Hoje eu vou contar a história de um outro amigo de infância, Sergio Bassit, filho de família rica, culto, inteligente, 1,92m de altura, fortíssimo, halterofilista, tinha um grande defeito: gostava de brigar.
Certa noite, na porta da boate Nuit Dor (hoje Nostro Mondo), isso foi no ano de 1968, ele sozinho bateu em cinco homens, inclusive deixou um deles desmaiado dentro da lata de lixo. Eu falava para ele parar com essa valentia, que ele ainda iria acabar mal.

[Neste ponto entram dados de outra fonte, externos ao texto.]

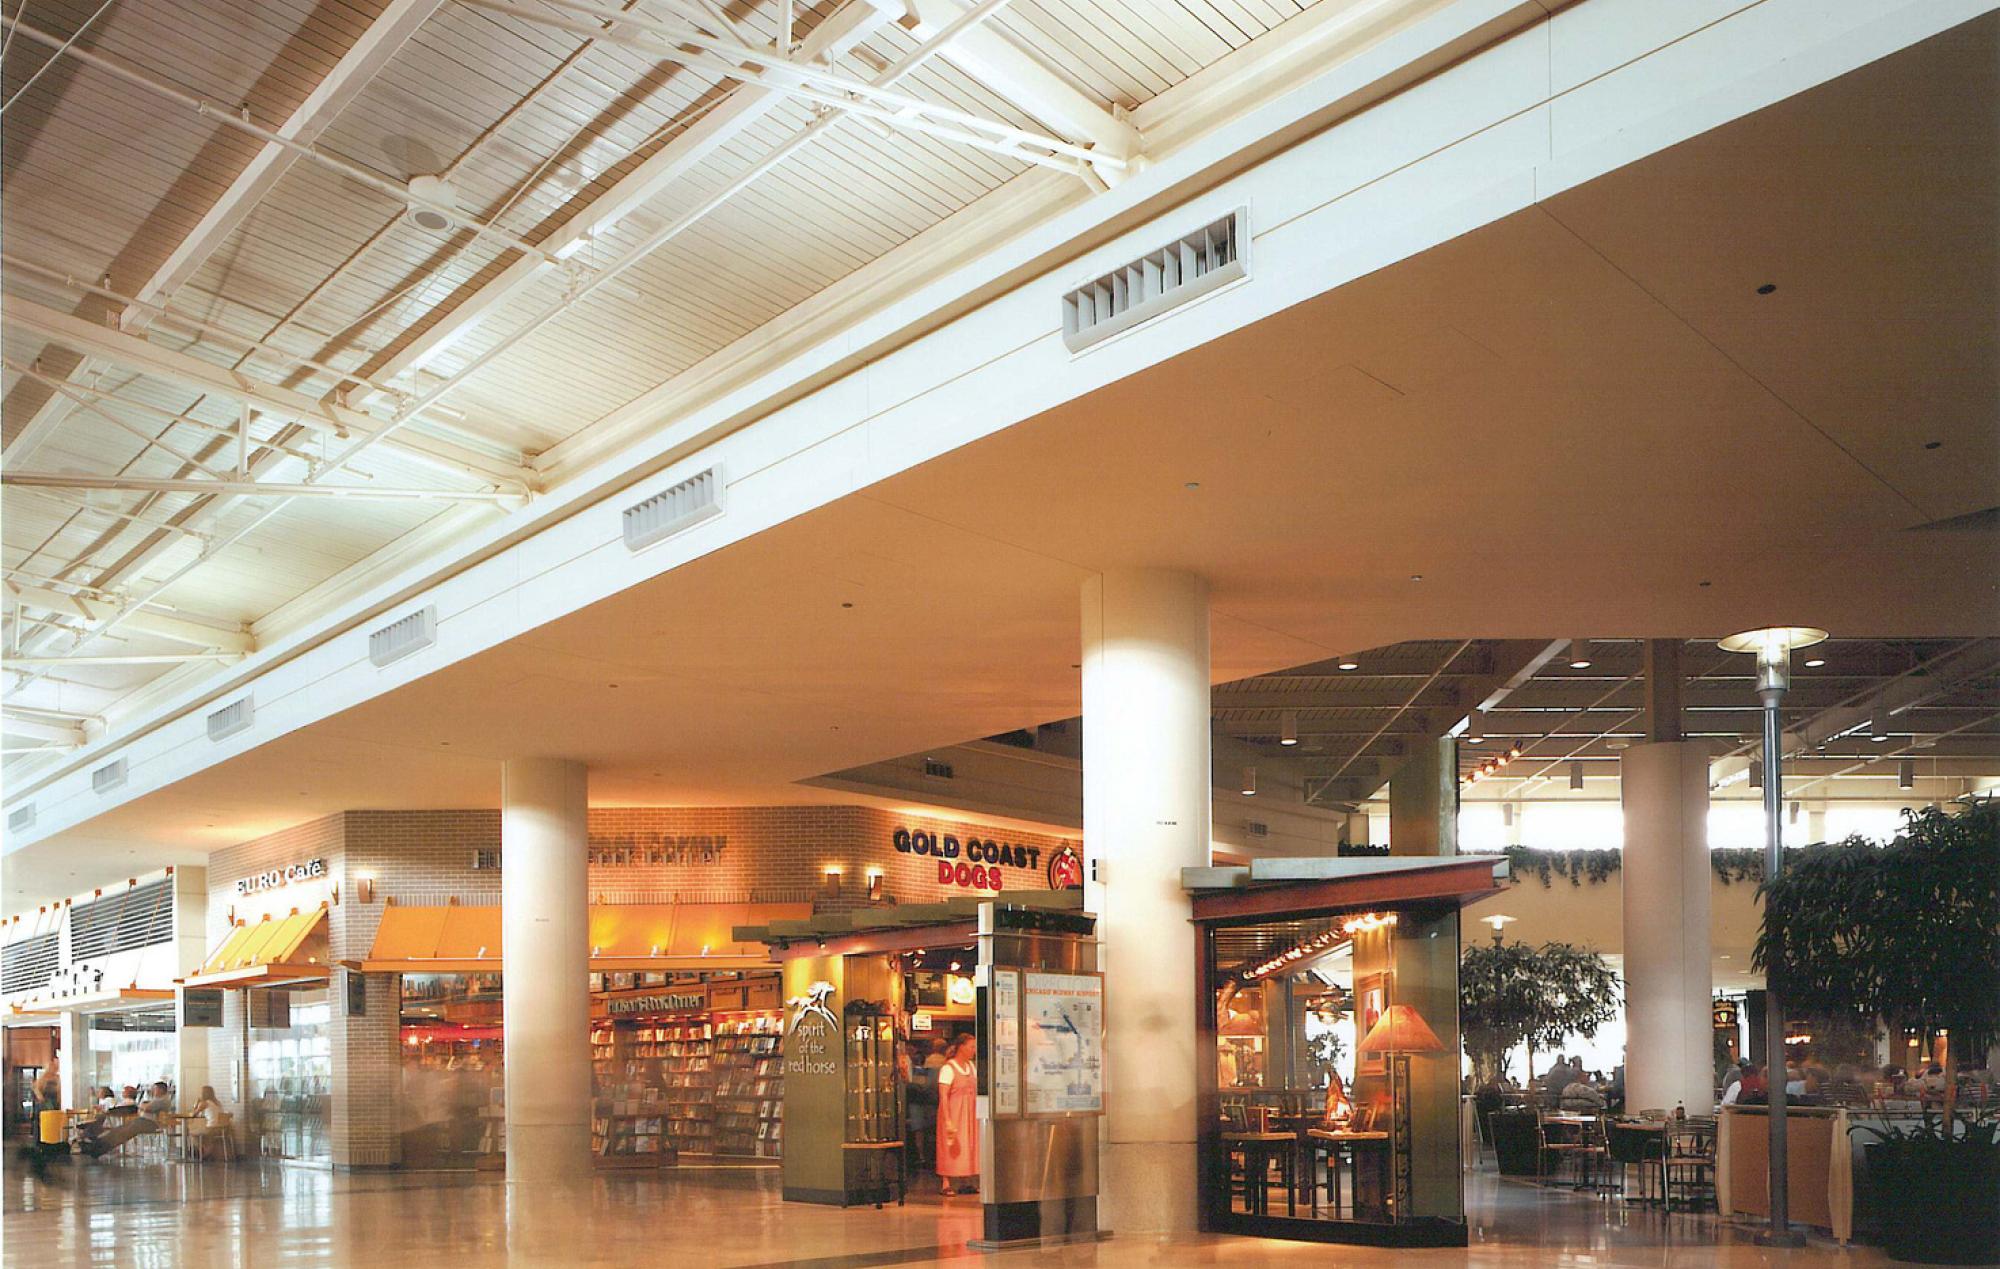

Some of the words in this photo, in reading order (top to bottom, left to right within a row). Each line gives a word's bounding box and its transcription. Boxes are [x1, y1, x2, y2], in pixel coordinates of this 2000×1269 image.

Nós frequentávamos a Rua Augusta. Lá tinha um rapaz de dois metros de altura, o Sergio não o conhecia, só porque o rapaz era mais alto do que ele quebrou a cara do rapaz.
Ele sozinho brigava com uma viatura da polícia. Certa vez o delegado perguntou para ele com quantos homens ele brigaria, ele disse: “Do seu tamanho podem vir uns vinte”. O delegado riu.

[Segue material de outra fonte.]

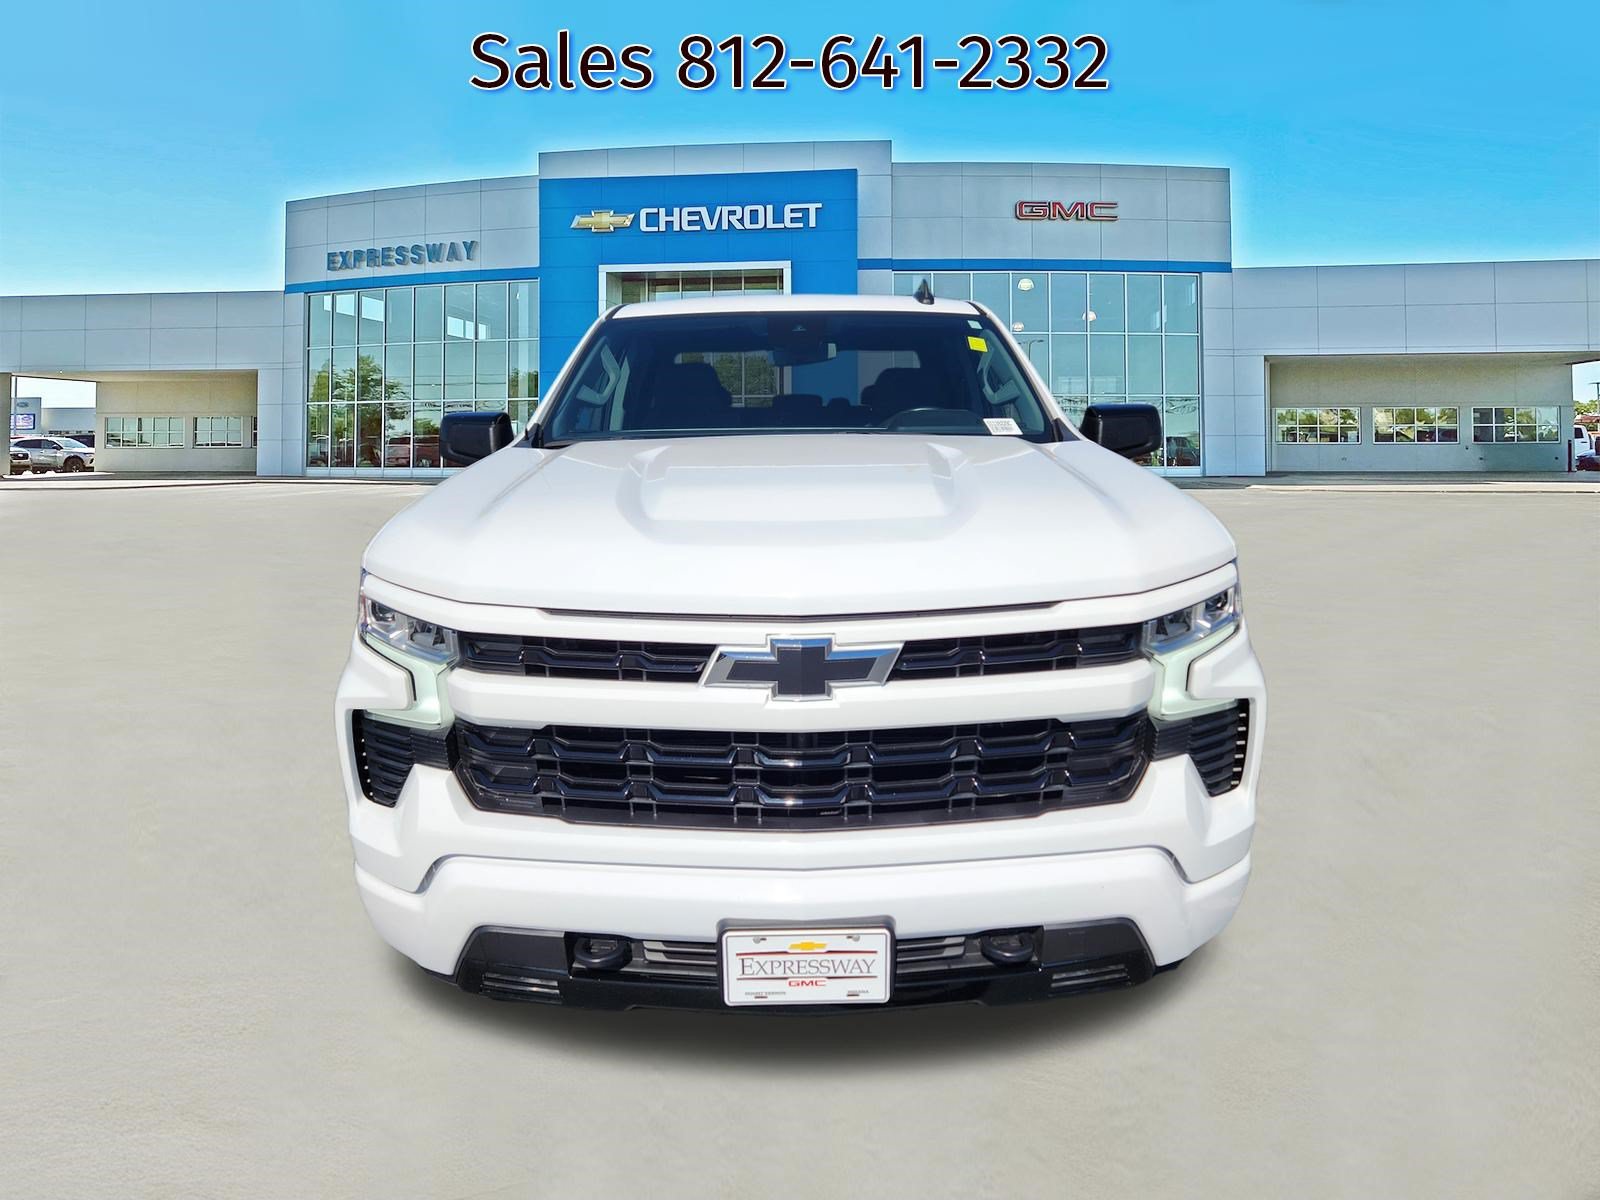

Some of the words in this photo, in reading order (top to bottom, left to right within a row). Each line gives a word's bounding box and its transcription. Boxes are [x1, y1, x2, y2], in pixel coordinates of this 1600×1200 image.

Como ele era filho de boa família, nunca foi preso, tinha bons advogados.
Mas ele era um grande amigo, quando dava um repente ninguém o segurava. Uma noite, na boca do luxo, na boate, se não me falha a memória, Galo Vermelho, ele quebrou toda a boate.
No trânsito ele toda a semana vivia brigando. E sempre quebrando a cara de todo mundo. Nunca vi ele apanhar, ele era muito forte, e além disso fazia halteres.
O tempo passou, ele casou, nasceu sua filha, ele ficou mais calmo, mas às vezes ele lembrava os velhos tempos e quebrava a cara de alguém. Até que o destino falou agora chega. Numa reunião de família, jogando cartas entres os primos, ele se desentendeu com um primo menor e deu um tapa no rosto do rapaz, o cara foi parar longe. Depois de uns minutos, o primo veio com um revolver 38 e deu dois tiros no peito do Sergio. Ele ainda correu atrás do primo alguns metros e caiu morto.
Todos nós, os amigos de infância, no velório, comentávamos que ele iria ter esse fim mais cedo ou mais tarde. Não entendo, filho de família rica, culto, vivia sempre em luta, queria provar que era invencível.
Mais um amigo da Consolação que teve um triste fim.